◆ TO DO: All that is asked is a faithful reproduction of the entries.

(Beginning of DATA FOR THIS TASK)

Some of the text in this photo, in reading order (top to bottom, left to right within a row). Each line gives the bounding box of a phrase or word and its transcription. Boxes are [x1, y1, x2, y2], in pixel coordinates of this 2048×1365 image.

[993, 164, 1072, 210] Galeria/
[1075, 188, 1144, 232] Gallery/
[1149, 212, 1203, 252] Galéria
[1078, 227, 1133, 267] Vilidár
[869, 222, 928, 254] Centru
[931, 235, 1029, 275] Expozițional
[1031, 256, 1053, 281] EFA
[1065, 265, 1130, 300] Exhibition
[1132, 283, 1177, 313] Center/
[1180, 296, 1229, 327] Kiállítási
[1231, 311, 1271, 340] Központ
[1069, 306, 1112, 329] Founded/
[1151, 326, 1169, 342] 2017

(End of DATA FOR THIS TASK)

◆ RESPONSE AREA:
Some of the text in this photo, in reading order (top to bottom, left to right within a row). Each line gives the bounding box of a phrase or word and its transcription. Boxes are [x1, y1, x2, y2], in pixel coordinates of this 2048×1365 image.

[993, 164, 1072, 210] Galeria/
[1075, 188, 1144, 232] Gallery/
[1149, 212, 1203, 252] Galéria
[1078, 227, 1133, 267] Vilidár
[869, 222, 928, 254] Centru
[931, 235, 1029, 275] Expozițional
[1031, 256, 1053, 281] EFA
[1065, 265, 1130, 300] Exhibition
[1132, 283, 1177, 313] Center/
[1180, 296, 1229, 327] Kiállítási
[1231, 311, 1271, 340] Központ
[1069, 306, 1112, 329] Founded/
[1151, 326, 1169, 342] 2017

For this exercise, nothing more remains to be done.